**Instructions to follow**: Your copy should match the entries exactly, except that it holds no pictures.

Source material START

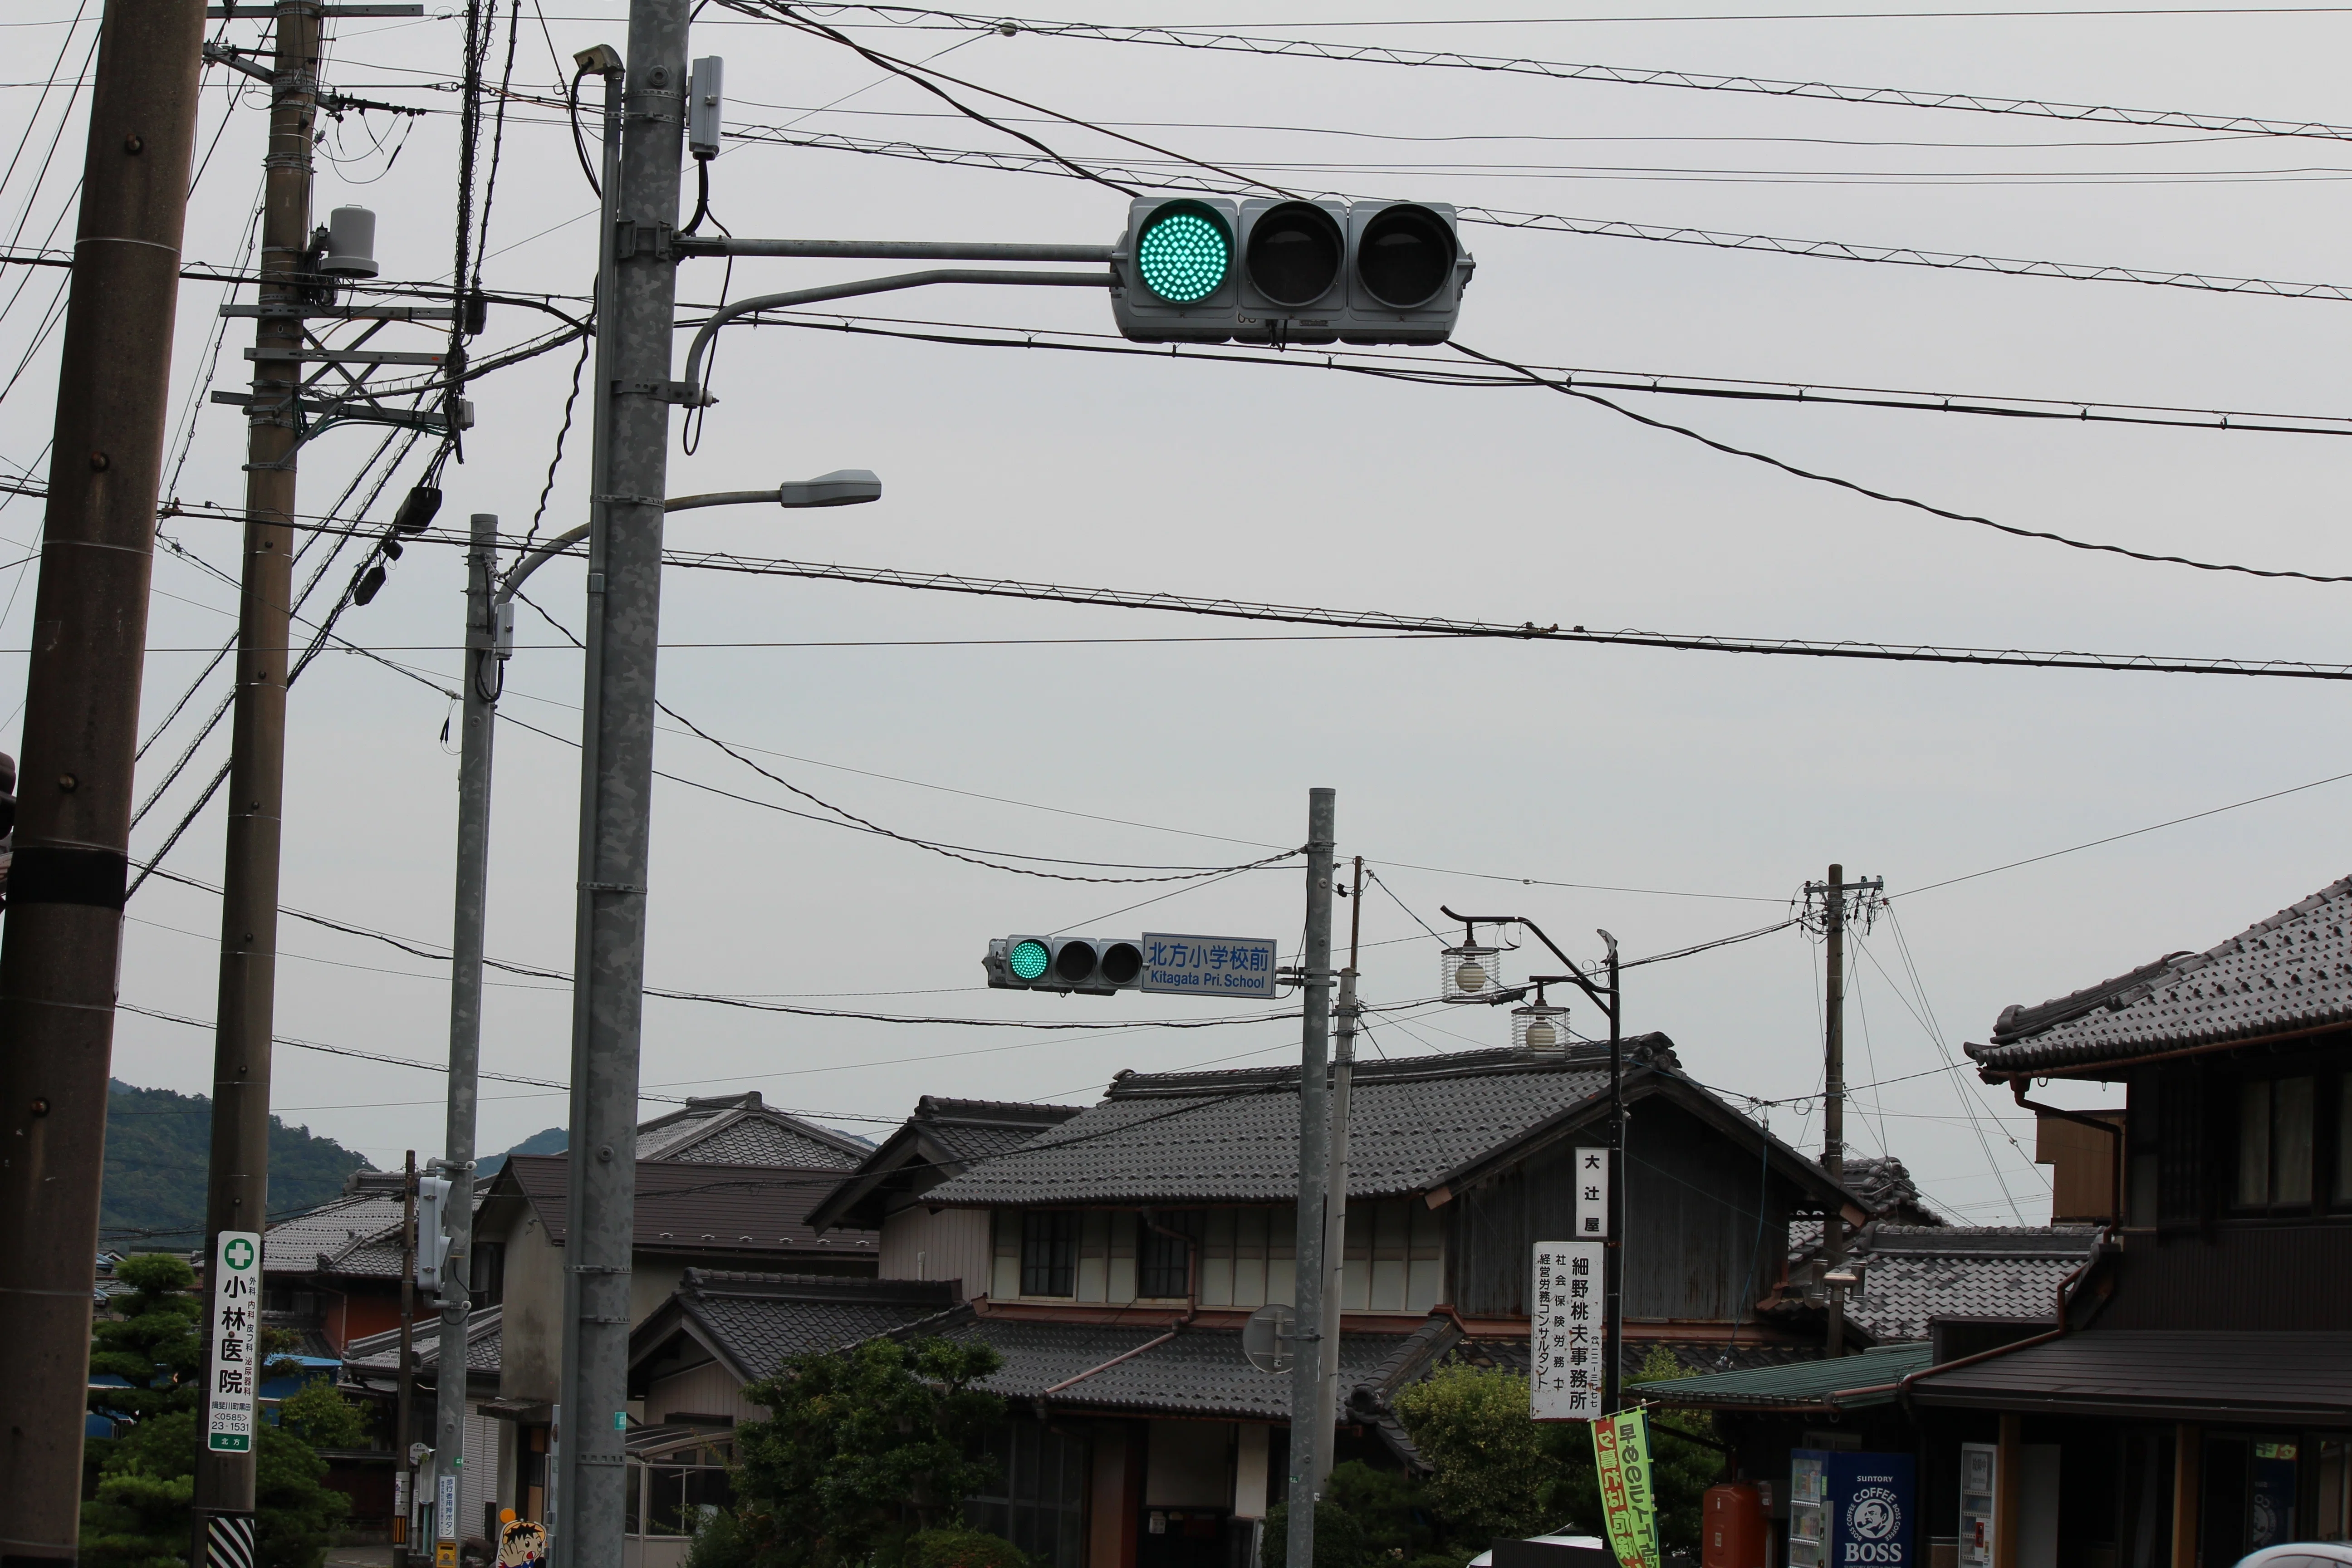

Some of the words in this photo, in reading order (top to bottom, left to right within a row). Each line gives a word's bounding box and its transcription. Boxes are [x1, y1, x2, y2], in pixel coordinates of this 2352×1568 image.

[1148, 941, 1269, 972] 北方小学校前
[1151, 970, 1199, 987] Kitagata
[1204, 973, 1222, 987] Pri.
[1224, 975, 1264, 989] School
[1584, 1154, 1600, 1232] 大辻屋
[248, 1276, 257, 1296] 外科
[247, 1300, 255, 1320] 内科
[1538, 1253, 1551, 1389] 経営労務コンサルタント
[1553, 1254, 1567, 1390] 社会保険労務士
[219, 1275, 247, 1394] 小林医院
[245, 1323, 254, 1352] 皮フ科
[1569, 1256, 1589, 1410] 細野桃夫事務所
[243, 1356, 253, 1396] 泌尿器科
[211, 1401, 251, 1411] 揖斐川町黒田
[445, 1479, 453, 1535] 歩行者用押ボタン
[1852, 1487, 1897, 1504] COFFEE
[1847, 1503, 1857, 1527] COFFEE
[1892, 1503, 1901, 1520] BOSS
[1849, 1526, 1862, 1542] BOSS
[1884, 1521, 1901, 1542] COFFEE
[1844, 1543, 1902, 1562] BOSS
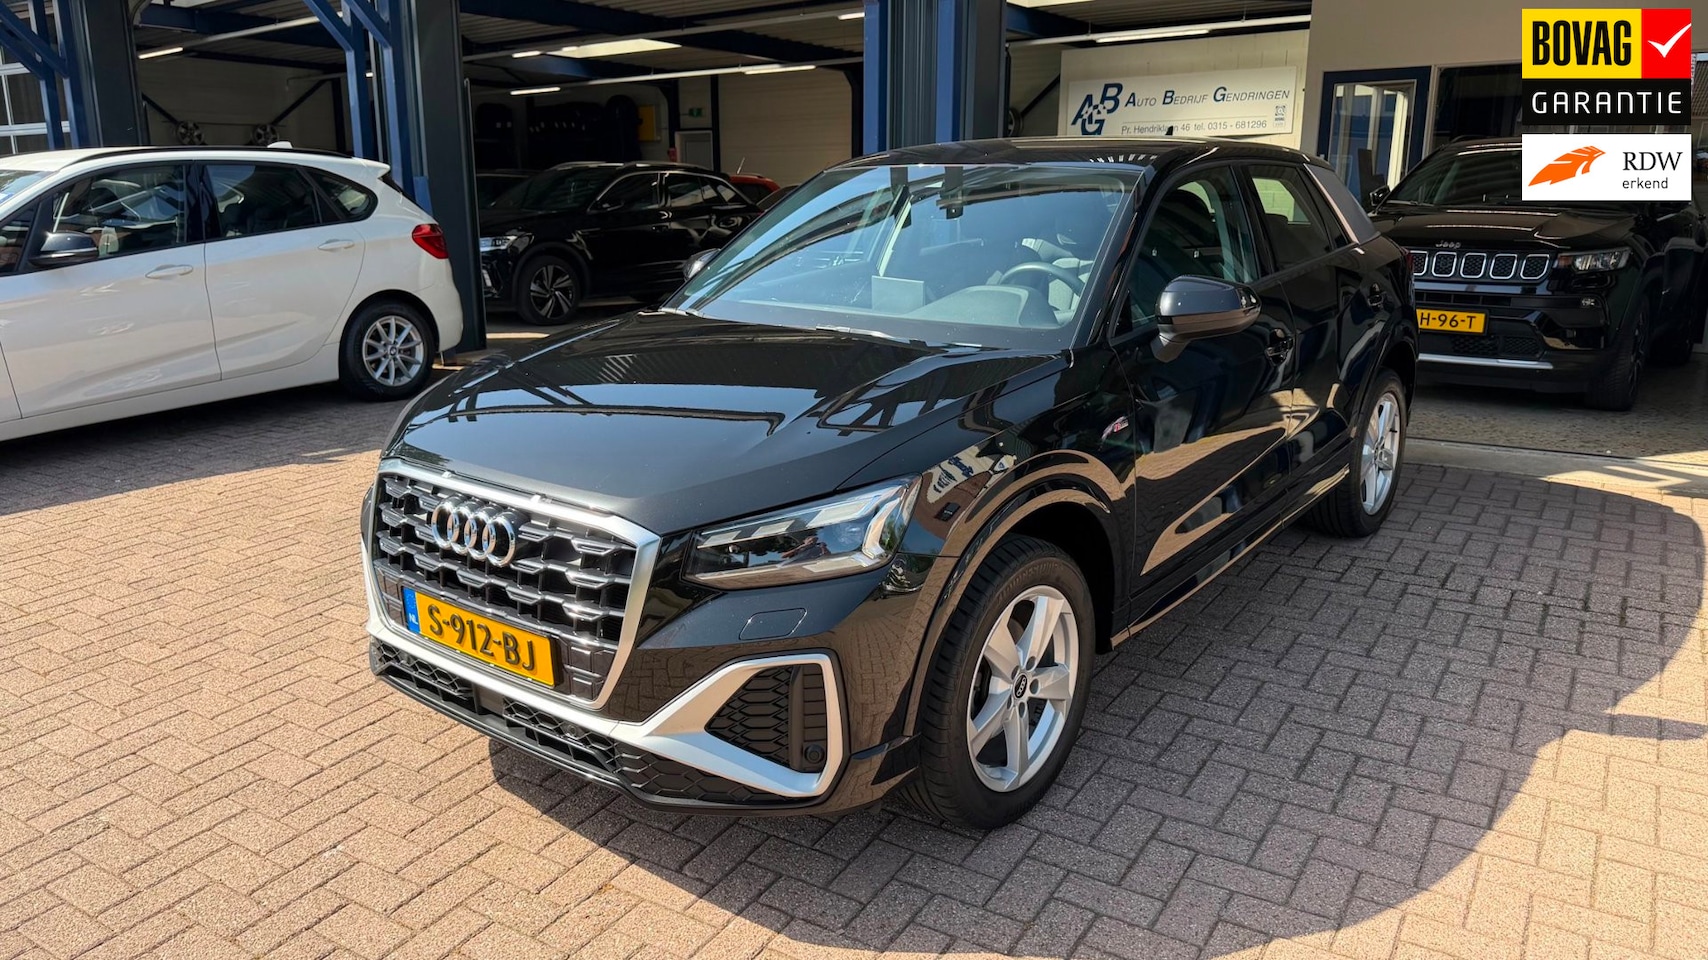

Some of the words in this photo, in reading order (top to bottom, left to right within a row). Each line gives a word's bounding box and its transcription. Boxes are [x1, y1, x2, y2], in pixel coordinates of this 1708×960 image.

[1180, 123, 1191, 132] 46
[1207, 121, 1228, 131] 0315
[1235, 119, 1268, 130] 681296
[1435, 240, 1461, 250] Jeep
[408, 612, 419, 625] NL
[427, 603, 536, 672] S-912-BJ
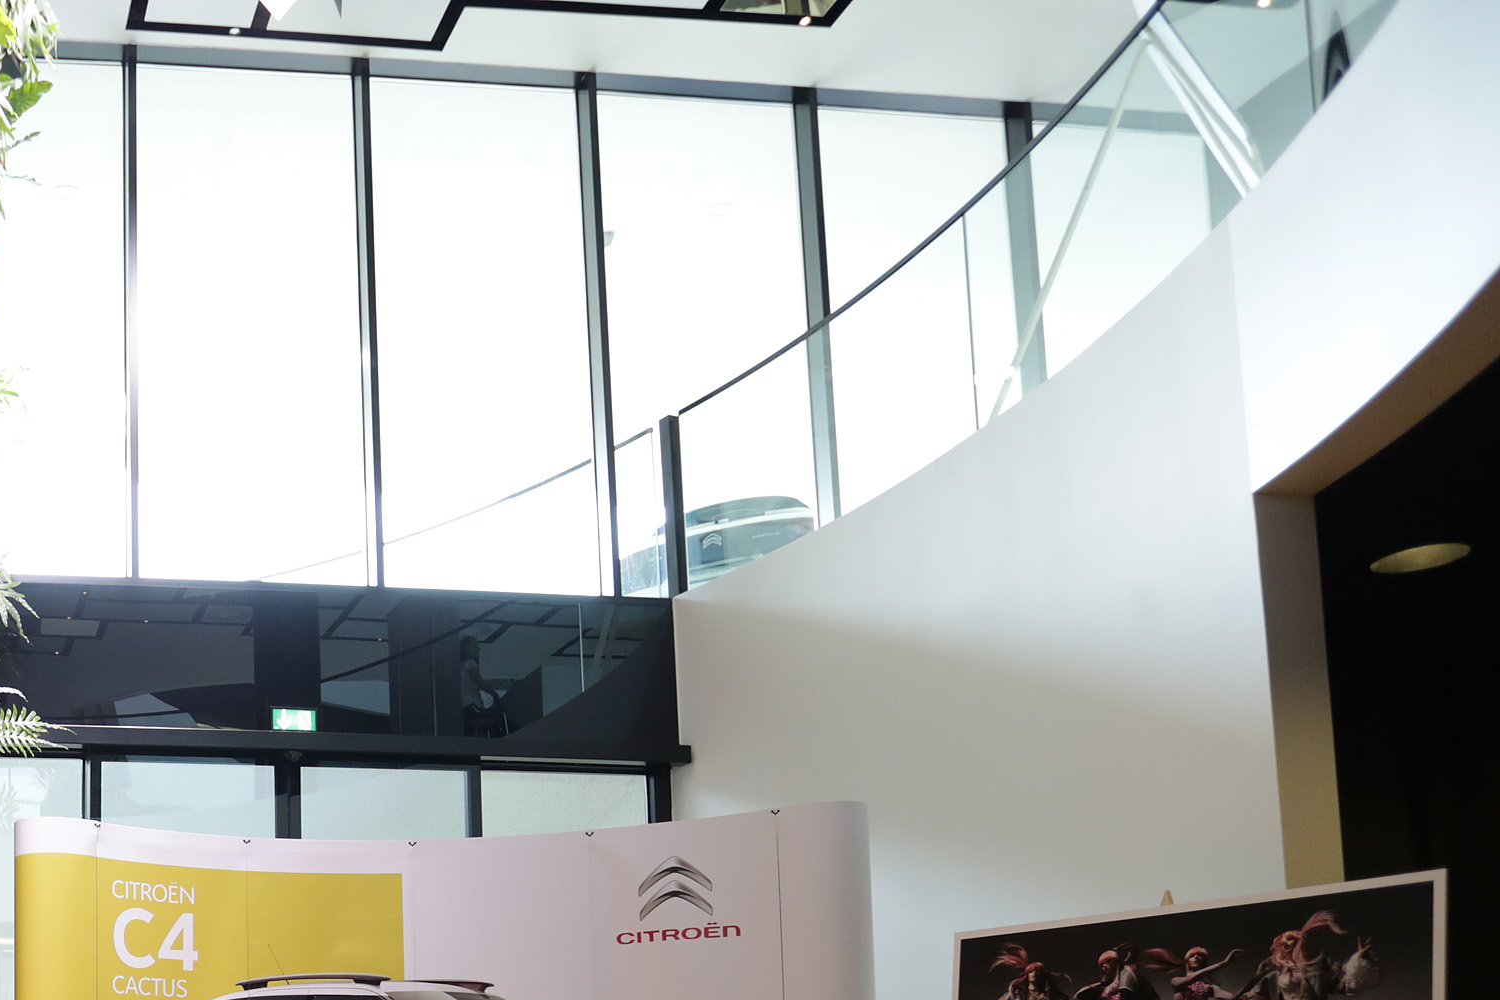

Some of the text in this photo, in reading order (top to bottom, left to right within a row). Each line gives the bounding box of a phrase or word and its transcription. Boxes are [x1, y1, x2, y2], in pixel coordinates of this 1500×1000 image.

[111, 880, 195, 905] CITROËN
[113, 907, 199, 971] C4
[112, 975, 188, 998] CACTUS

Source material END

**Reply**:
Some of the words in this photo, in reading order (top to bottom, left to right within a row). Each line gives a word's bounding box and its transcription. Boxes are [x1, y1, x2, y2], in pixel coordinates of this 2352×1568 image.

[1148, 941, 1269, 972] 北方小学校前
[1151, 970, 1199, 987] Kitagata
[1204, 973, 1222, 987] Pri.
[1224, 975, 1264, 989] School
[1584, 1154, 1600, 1232] 大辻屋
[248, 1276, 257, 1296] 外科
[247, 1300, 255, 1320] 内科
[1538, 1253, 1551, 1389] 経営労務コンサルタント
[1553, 1254, 1567, 1390] 社会保険労務士
[219, 1275, 247, 1394] 小林医院
[245, 1323, 254, 1352] 皮フ科
[1569, 1256, 1589, 1410] 細野桃夫事務所
[243, 1356, 253, 1396] 泌尿器科
[211, 1401, 251, 1411] 揖斐川町黒田
[445, 1479, 453, 1535] 歩行者用押ボタン
[1852, 1487, 1897, 1504] COFFEE
[1847, 1503, 1857, 1527] COFFEE
[1892, 1503, 1901, 1520] BOSS
[1849, 1526, 1862, 1542] BOSS
[1884, 1521, 1901, 1542] COFFEE
[1844, 1543, 1902, 1562] BOSS

Some of the words in this photo, in reading order (top to bottom, left to right within a row). Each line gives a word's bounding box and its transcription. Boxes are [x1, y1, x2, y2], in pixel coordinates of this 1708×960 image.

[1180, 123, 1191, 132] 46
[1207, 121, 1228, 131] 0315
[1235, 119, 1268, 130] 681296
[1435, 240, 1461, 250] Jeep
[408, 612, 419, 625] NL
[427, 603, 536, 672] S-912-BJ

Some of the text in this photo, in reading order (top to bottom, left to right within a row). Each line gives the bounding box of a phrase or word and its transcription. Boxes are [x1, y1, x2, y2], in pixel coordinates of this 1500×1000 image.

[111, 880, 195, 905] CITROËN
[113, 907, 199, 971] C4
[112, 975, 188, 998] CACTUS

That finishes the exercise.